Let \boldsymbol{w}_{it} and \boldsymbol{x}_{it} represent the row vectors of covariates in the selection and outcome equations, respectively, with \boldsymbol{\alpha} and \boldsymbol{\beta} denoting the corresponding column vectors of parameters.
First stage (probitRE):
d_{it}=1(\mathbf{w}_{it} \boldsymbol{\alpha}+\delta u_i+\varepsilon_{it}>0)
Second stage (linearRE):
y_{it} = \mathbf{x}_{it} \boldsymbol{\beta} + \lambda v_i +\sigma \epsilon_{it}
Correlation structure:
u_i and v_i are bivariate normally distributed with a correlation of \rho.
\varepsilon_{it} and \epsilon_{it} are bivariate normally distributed with a correlation of \tau.
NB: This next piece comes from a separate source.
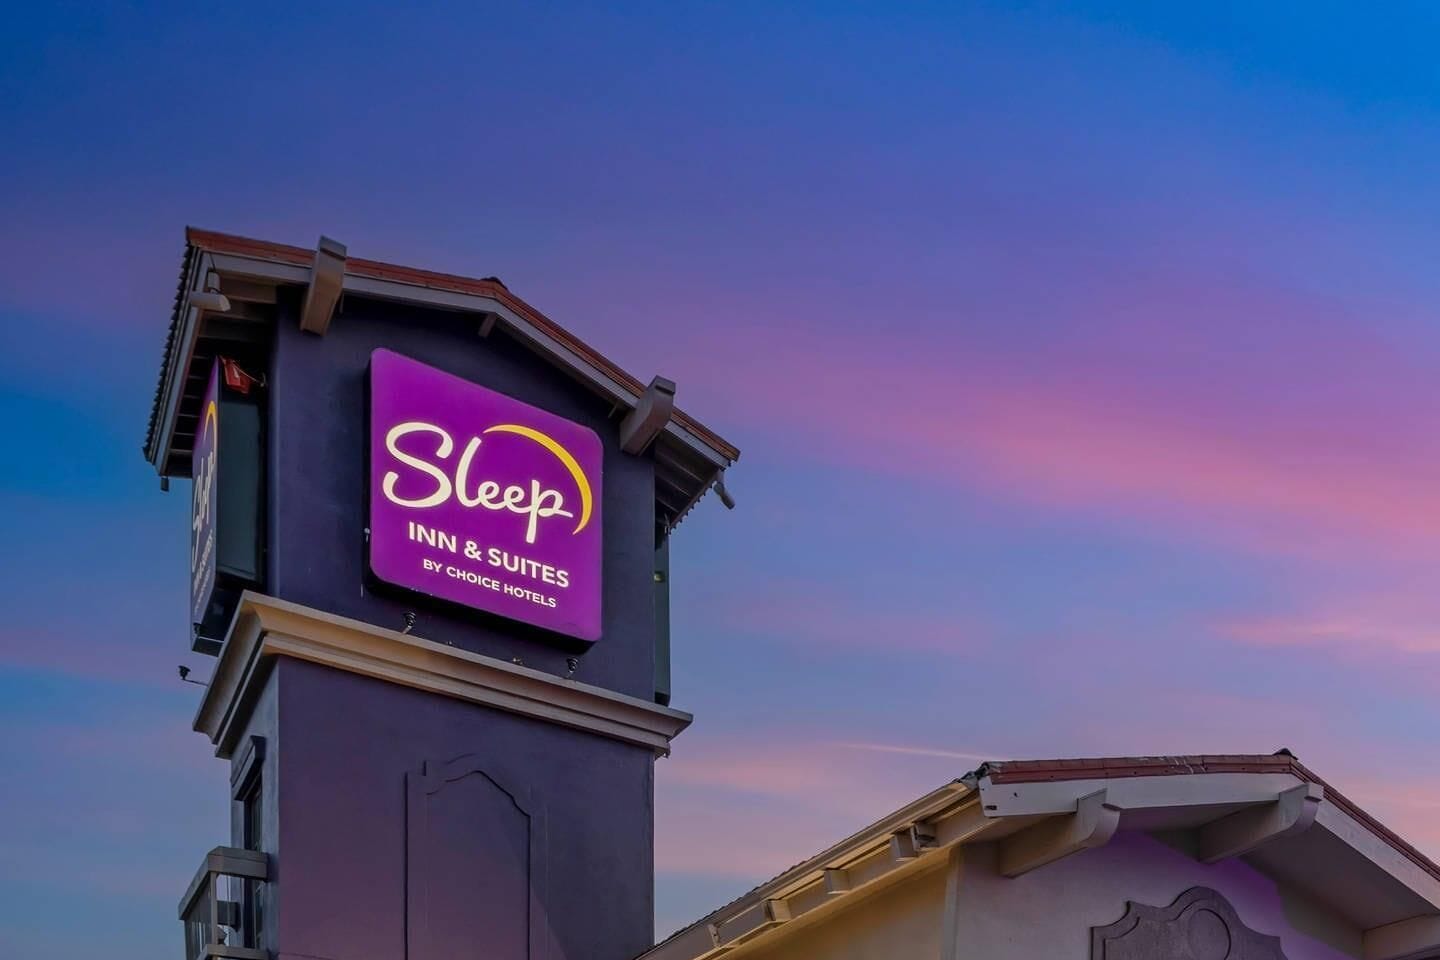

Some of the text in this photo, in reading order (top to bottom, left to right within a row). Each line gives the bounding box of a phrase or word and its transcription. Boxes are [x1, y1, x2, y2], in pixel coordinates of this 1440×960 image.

[382, 421, 574, 544] Sleep
[408, 521, 569, 588] INN & SUITES
[423, 558, 557, 608] BY CHOICE HOTELS
w and x can be the same set of variables. Identification can be weak if w are not good predictors of d.
Usage
probitRE_linearRE(
form_probit,
form_linear,
id.name,
data = NULL,
par = NULL,
method = "BFGS",
rho_off = FALSE,
tau_off = FALSE,
H = 10,
init = c("zero", "unif", "norm", "default")[4],
rho.init = 0,
tau.init = 0,
use.optim = FALSE,
verbose = 0
)
Arguments
form_probit |
Formula for the panel probit model with random effects at the individual level |
form_linear |
Formula for the panel linear model with random effects at the individual level |
id.name |
the name of the id column in data |
data |
Input data, must be a data.frame object |
par |
Starting values for estimates |
method |
Optimization algorithm. Default is BFGS |
rho_off |
A Boolean value indicating whether to turn off the correlation between the random effects of the probit and linear models. Default is FALSE. |
tau_off |
A Boolean value indicating whether to turn off the correlation between the error terms of the probit and linear models. Default is FALSE. |
H |
Number of quadrature points |
init |
Initialization method |
rho.init |
Initial value for the correlation between the random effects of the probit and linear models. Default is 0. |
tau.init |
Initial value for the correlation between the error terms of the probit and linear models. Default is 0. |
use.optim |
A Boolean value indicating whether to use optim instead of maxLik. Default is FALSE. |
verbose |
A integer indicating how much output to display during the estimation process.
|
Value
A list containing the results of the estimated model, some of which are inherited from the return of maxLik
estimates: Model estimates with 95% confidence intervals
estimate or par: Point estimates
predict. A list containing the predicted probabilities of responding (respond_prob) and the predicted counterfactual outcome values (outcome), their gradients (gr_respond and gr_outcome), and estimated counterfactual population mean (pop_mean).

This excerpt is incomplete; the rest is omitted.